WORK TASK.
Each entry is to be given again precisely, and no picture may be carried over.

..............................

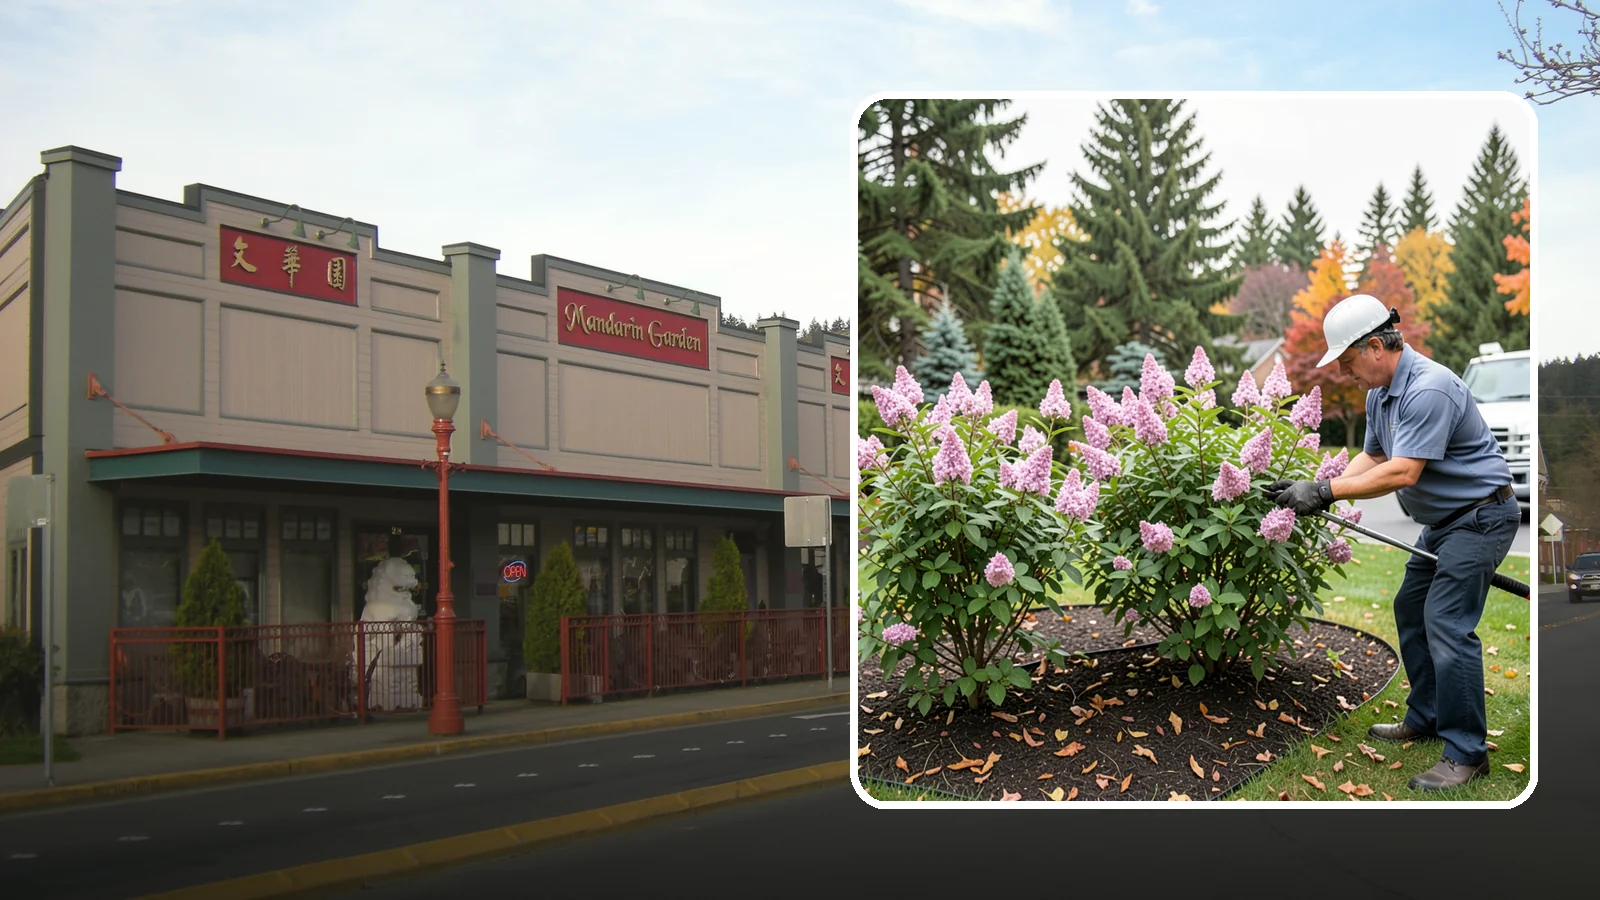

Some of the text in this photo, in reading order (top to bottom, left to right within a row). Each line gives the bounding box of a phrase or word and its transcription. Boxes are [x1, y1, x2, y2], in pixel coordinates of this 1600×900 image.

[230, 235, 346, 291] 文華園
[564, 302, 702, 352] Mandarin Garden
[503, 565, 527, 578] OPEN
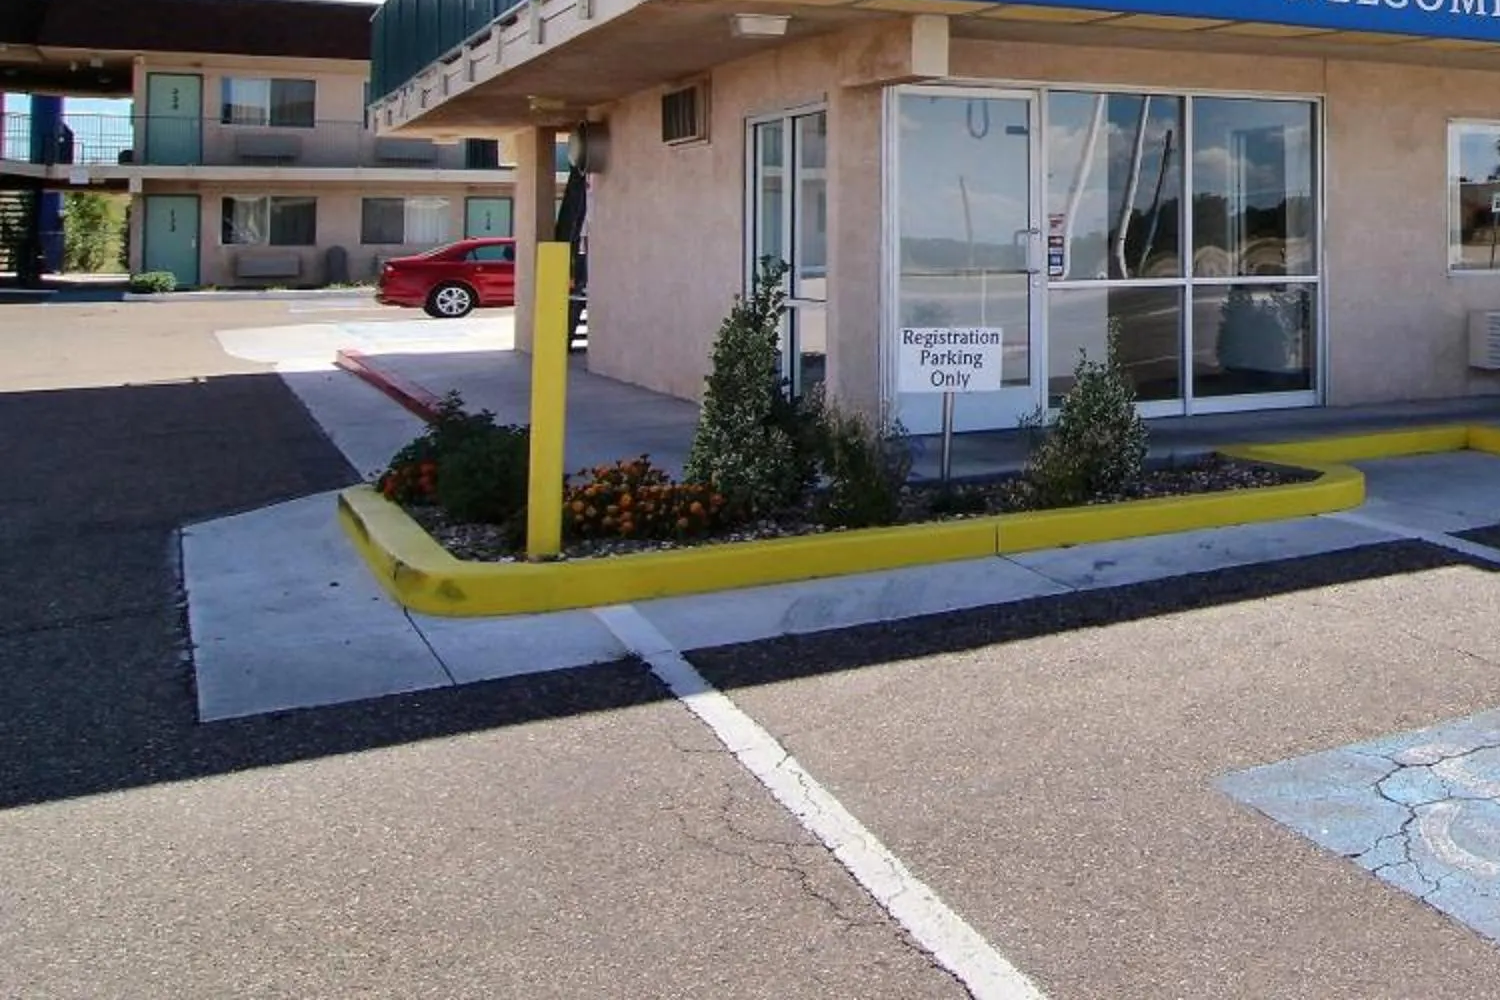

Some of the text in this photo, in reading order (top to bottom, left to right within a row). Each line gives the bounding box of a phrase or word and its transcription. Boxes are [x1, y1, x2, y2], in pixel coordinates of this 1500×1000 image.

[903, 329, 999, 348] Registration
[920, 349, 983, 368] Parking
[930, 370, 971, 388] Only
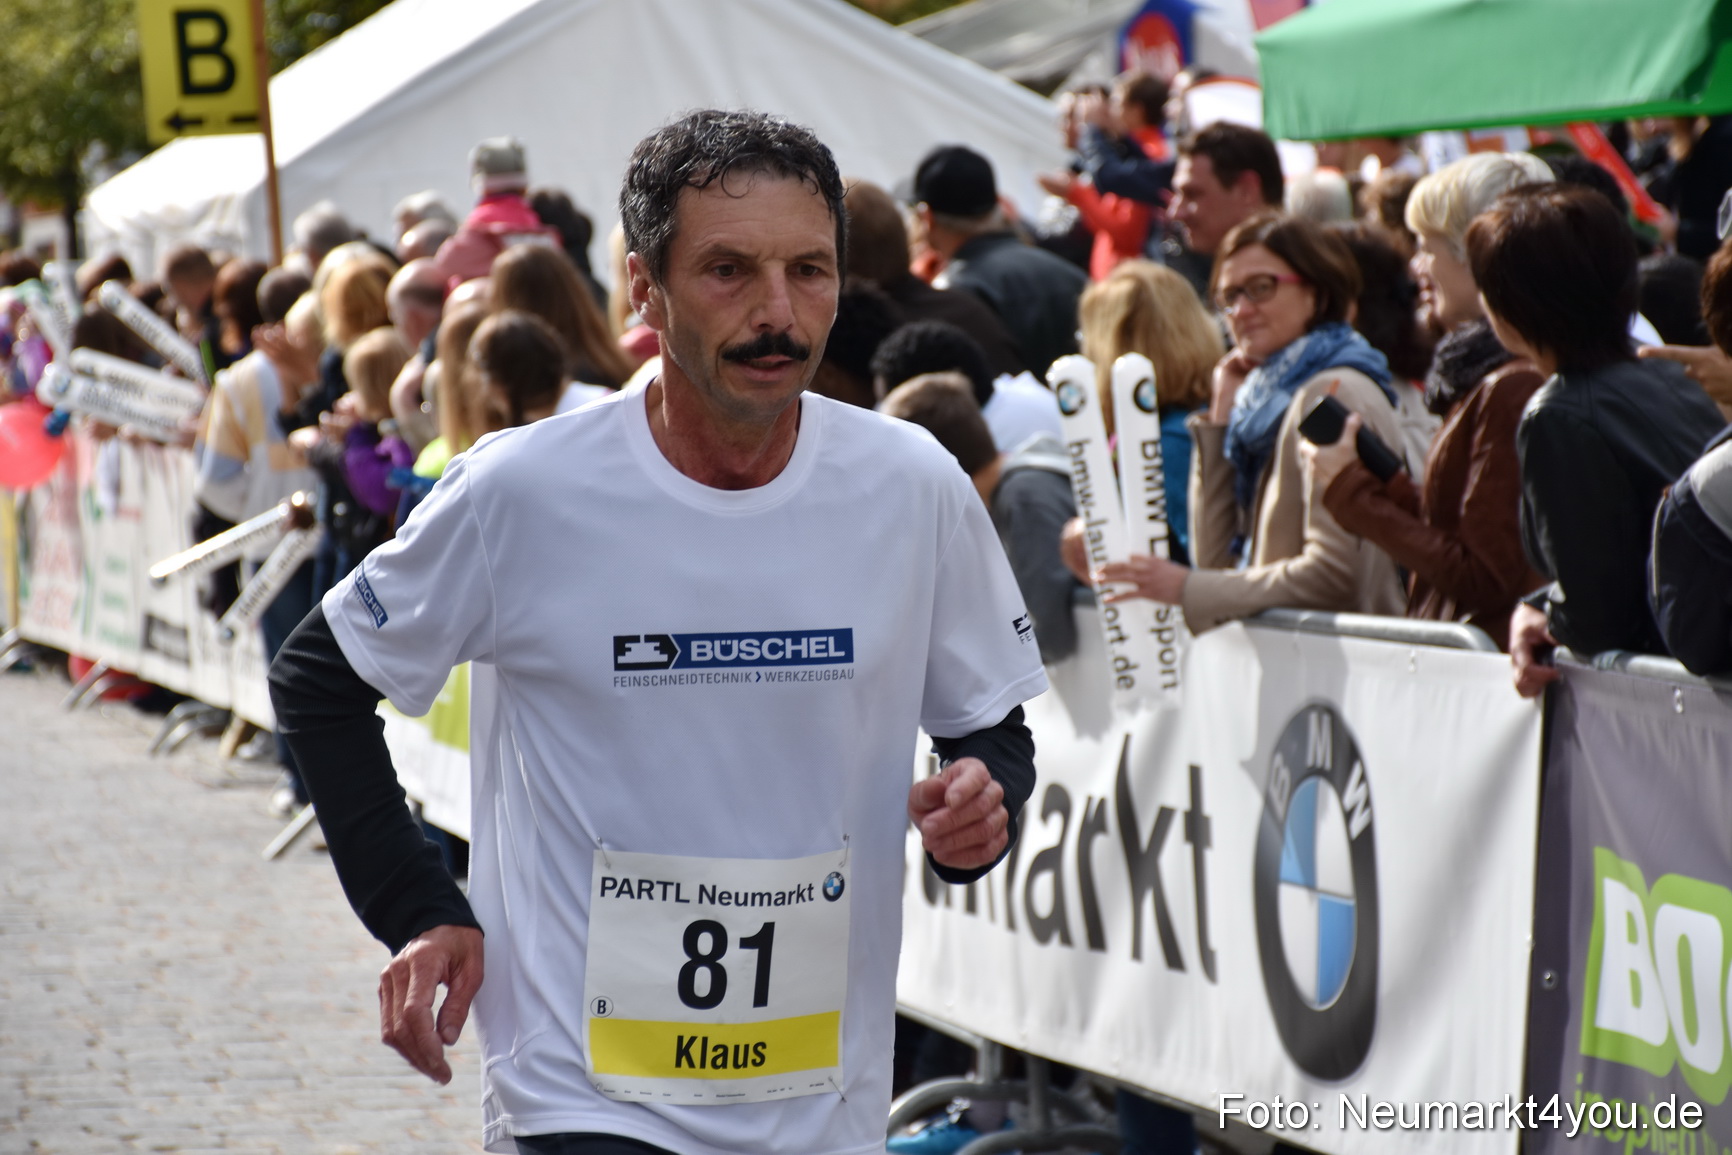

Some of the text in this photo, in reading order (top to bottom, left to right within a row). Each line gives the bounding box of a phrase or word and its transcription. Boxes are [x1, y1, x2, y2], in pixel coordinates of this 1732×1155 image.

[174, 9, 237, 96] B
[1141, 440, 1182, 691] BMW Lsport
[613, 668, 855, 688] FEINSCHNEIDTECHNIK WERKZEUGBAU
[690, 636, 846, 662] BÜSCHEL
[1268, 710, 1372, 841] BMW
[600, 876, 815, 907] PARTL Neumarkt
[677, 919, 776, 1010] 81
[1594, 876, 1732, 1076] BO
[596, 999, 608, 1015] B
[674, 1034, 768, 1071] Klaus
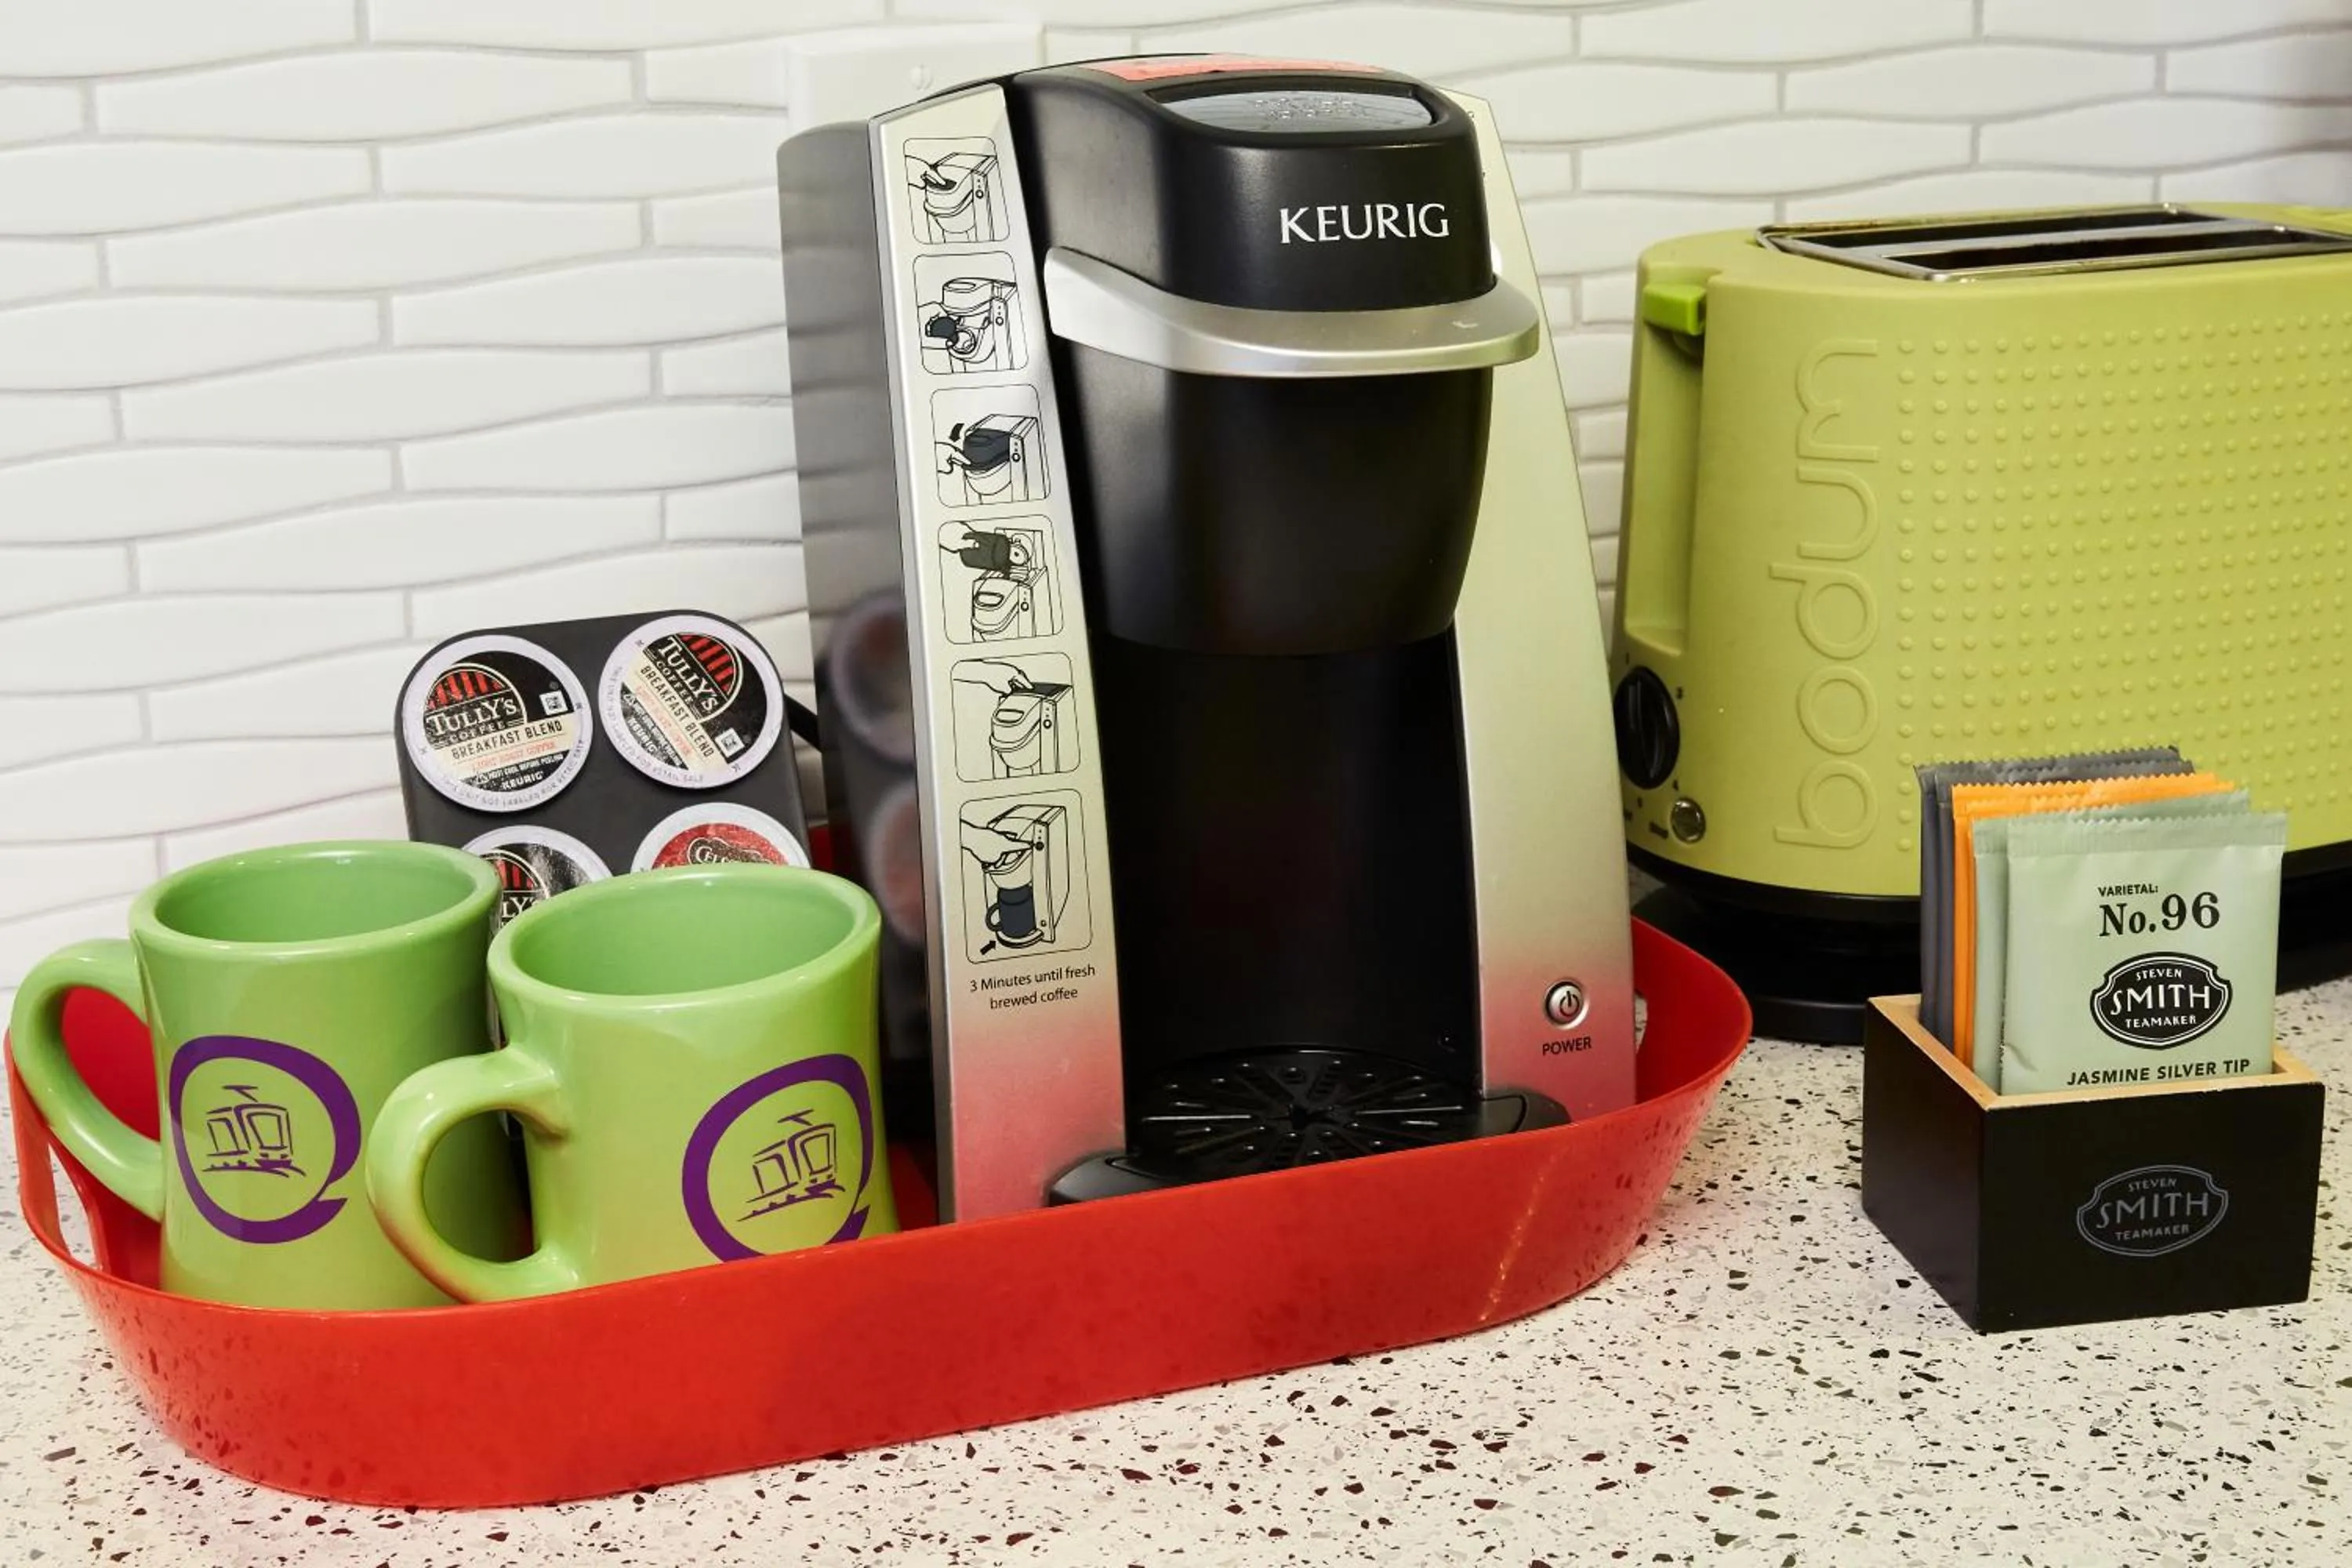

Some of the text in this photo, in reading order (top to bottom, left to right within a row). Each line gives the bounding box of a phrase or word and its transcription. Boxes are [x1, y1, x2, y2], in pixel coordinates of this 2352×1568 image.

..............................

ANSWER FOR THIS EXERCISE.
Some of the text in this photo, in reading order (top to bottom, left to right within a row). Each line gives the bounding box of a phrase or word and its transcription. Boxes are [x1, y1, x2, y2], in pixel coordinates of this 1600×900 image.

[230, 235, 346, 291] 文華園
[564, 302, 702, 352] Mandarin Garden
[503, 565, 527, 578] OPEN

Some of the text in this photo, in reading order (top to bottom, left to right within a row). Each line gives the bounding box of a phrase or word and its transcription. Boxes are [x1, y1, x2, y2], in pixel coordinates of this 1500×1000 image.

[903, 329, 999, 348] Registration
[920, 349, 983, 368] Parking
[930, 370, 971, 388] Only

Some of the text in this photo, in reading order (top to bottom, left to right within a row). Each line gives the bounding box of a phrase or word and its transcription. Boxes are [x1, y1, x2, y2], in pixel coordinates of this 1732×1155 image.

[174, 9, 237, 96] B
[1141, 440, 1182, 691] BMW Lsport
[613, 668, 855, 688] FEINSCHNEIDTECHNIK WERKZEUGBAU
[690, 636, 846, 662] BÜSCHEL
[1268, 710, 1372, 841] BMW
[600, 876, 815, 907] PARTL Neumarkt
[677, 919, 776, 1010] 81
[1594, 876, 1732, 1076] BO
[596, 999, 608, 1015] B
[674, 1034, 768, 1071] Klaus

Some of the text in this photo, in reading order (top to bottom, left to right within a row). Each line gives the bounding box of a phrase or word and its transcription. Boxes are [x1, y1, x2, y2], in pixel coordinates of this 2352×1568 image.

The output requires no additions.